You are viewing a plain text version of this content. The canonical link for it is here.
Posted to users@spamassassin.apache.org by dd...@hetzner.co.za on 2004/07/26 19:09:40 UTC

Bayes poisining?

Hi

I have had a spam get thru which scored very low on bayes - not surprisingly -
the mail was a few mangled lines, a URL and the a "ton" of lines of a random
extract from some document.

My question is this: with the vast majority of the mail looking like legitimate
content, can I still safely train this type of mail as spam against the bayes
DB?

Thanks
Deon.



----------------------------------------------------------------
This message was sent using IMP, the Internet Messaging Program.


Re: Bayes poisining?

Posted by Ryan Thompson <sp...@sasknow.com>.
ddv@hetzner.co.za wrote to spamassassin-users@incubator.apache.org:

> Hi
> 
> I have had a spam get thru which scored very low on bayes - not
> surprisingly - the mail was a few mangled lines, a URL and the a "ton"
> of lines of a random extract from some document.
> 
> My question is this: with the vast majority of the mail looking like
> legitimate content, can I still safely train this type of mail as spam
> against the bayes DB?

Yes, I'm pretty sure the consensus is to train bayes poisoning. Bayes
poisoning doesn't work very well anyway. :-) We autolearn the vast
majority of spam, including Bayes poisoning attempts, and they're all
getting BAYES_99, while legitimate mail containing some of the same
terms is almost always BAYES_00.

I'm consistently amazed by the robustness of the algorithm, if your
database is well-trained and of sufficient size. We're not currently
seeing enough Bayes poison to make a difference.

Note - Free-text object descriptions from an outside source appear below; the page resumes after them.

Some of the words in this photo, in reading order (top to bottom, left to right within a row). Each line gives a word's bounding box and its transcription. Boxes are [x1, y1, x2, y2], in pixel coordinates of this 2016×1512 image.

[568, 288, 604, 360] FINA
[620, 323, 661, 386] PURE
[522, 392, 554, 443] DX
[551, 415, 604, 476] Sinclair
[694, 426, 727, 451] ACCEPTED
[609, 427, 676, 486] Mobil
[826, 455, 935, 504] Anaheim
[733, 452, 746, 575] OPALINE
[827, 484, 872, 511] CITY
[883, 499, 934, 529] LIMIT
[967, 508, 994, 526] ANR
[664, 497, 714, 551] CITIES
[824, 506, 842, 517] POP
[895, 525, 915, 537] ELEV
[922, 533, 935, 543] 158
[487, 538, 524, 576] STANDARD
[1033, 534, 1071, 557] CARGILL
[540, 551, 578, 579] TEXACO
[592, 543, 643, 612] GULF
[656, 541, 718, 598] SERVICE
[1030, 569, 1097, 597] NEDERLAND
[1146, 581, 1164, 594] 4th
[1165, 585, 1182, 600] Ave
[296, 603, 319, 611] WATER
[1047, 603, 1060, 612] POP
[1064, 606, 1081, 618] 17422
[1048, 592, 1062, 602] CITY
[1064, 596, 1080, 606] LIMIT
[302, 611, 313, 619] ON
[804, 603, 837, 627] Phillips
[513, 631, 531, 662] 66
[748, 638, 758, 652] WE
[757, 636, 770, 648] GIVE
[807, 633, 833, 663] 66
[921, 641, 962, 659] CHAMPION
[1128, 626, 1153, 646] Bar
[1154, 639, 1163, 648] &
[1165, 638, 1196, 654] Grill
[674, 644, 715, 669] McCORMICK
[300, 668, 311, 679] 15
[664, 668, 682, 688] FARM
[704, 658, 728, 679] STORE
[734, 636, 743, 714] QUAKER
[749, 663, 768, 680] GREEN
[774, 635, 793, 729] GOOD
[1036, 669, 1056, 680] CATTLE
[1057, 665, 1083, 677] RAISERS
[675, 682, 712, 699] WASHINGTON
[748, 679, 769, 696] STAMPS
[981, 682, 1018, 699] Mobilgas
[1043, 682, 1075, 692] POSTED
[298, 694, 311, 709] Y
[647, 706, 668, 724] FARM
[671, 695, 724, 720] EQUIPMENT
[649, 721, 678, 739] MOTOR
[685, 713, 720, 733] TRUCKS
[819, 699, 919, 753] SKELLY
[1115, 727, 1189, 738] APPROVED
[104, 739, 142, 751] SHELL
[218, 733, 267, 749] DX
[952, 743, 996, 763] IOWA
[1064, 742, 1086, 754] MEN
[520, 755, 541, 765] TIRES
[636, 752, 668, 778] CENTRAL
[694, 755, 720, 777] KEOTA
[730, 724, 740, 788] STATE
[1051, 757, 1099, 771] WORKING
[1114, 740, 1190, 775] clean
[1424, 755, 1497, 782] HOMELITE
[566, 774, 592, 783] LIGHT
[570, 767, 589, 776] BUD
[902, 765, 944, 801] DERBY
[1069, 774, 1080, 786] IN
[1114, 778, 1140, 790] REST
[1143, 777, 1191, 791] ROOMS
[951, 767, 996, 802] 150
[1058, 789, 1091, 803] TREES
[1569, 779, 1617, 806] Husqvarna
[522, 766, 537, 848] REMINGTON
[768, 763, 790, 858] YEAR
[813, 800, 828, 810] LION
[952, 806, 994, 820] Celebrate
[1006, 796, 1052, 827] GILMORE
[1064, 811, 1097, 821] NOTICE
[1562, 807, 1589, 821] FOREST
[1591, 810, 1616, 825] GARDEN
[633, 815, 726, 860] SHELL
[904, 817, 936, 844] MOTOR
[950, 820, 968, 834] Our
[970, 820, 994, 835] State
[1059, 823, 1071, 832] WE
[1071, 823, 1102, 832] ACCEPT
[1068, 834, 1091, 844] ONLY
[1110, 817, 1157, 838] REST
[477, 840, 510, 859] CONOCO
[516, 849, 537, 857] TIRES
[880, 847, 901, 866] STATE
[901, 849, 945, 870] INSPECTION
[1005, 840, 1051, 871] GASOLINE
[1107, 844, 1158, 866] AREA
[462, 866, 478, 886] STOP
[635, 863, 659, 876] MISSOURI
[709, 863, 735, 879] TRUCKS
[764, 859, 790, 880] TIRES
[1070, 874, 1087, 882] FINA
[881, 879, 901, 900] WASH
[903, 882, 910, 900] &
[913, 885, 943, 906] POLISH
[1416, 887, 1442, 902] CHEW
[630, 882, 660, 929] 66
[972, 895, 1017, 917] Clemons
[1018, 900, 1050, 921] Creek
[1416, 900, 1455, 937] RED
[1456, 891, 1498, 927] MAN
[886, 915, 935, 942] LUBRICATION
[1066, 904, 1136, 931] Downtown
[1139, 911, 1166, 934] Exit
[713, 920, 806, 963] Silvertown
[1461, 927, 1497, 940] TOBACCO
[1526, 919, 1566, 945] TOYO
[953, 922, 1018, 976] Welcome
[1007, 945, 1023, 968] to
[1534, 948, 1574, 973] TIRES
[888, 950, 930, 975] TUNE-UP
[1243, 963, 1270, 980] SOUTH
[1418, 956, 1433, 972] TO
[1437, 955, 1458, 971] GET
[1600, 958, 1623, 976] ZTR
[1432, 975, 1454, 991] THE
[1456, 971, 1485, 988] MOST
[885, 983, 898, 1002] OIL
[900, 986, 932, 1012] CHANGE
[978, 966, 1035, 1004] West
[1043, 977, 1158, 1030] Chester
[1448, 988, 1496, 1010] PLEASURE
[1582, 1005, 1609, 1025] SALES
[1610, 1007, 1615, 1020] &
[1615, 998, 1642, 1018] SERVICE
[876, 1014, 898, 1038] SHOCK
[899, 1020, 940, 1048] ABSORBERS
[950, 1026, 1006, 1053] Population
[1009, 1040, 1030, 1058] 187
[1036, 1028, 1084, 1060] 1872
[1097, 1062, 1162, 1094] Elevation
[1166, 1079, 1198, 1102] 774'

Think of it this way; spammers *could* poison Bayes databases if they
sent nothing else but Bayes poisoning, but they wouldn't get anything
out of it unless they eventually sent their spam.. and that would be
difficult to do anyway, since we consider headers, too, which are much
tougher to poison.

So, they can't really keep that up on the large scale, because then they
wouldn't be delivering their payload. At *some* point, they have to
deliver their message (be it within the same email, or four days later,
it doesn't matter much). When they do, it will contain spammy terms,
and, if you've trained your database, they'll be sunk.

Remember that our Bayes only considers the 150 most significant tokens
in each message (according to Bayes.pm in 3.0.0-pre2), and we look at
header content as well as body. Most of the poison tokens will be fairly
benign at best, and probably won't qualify as "significant".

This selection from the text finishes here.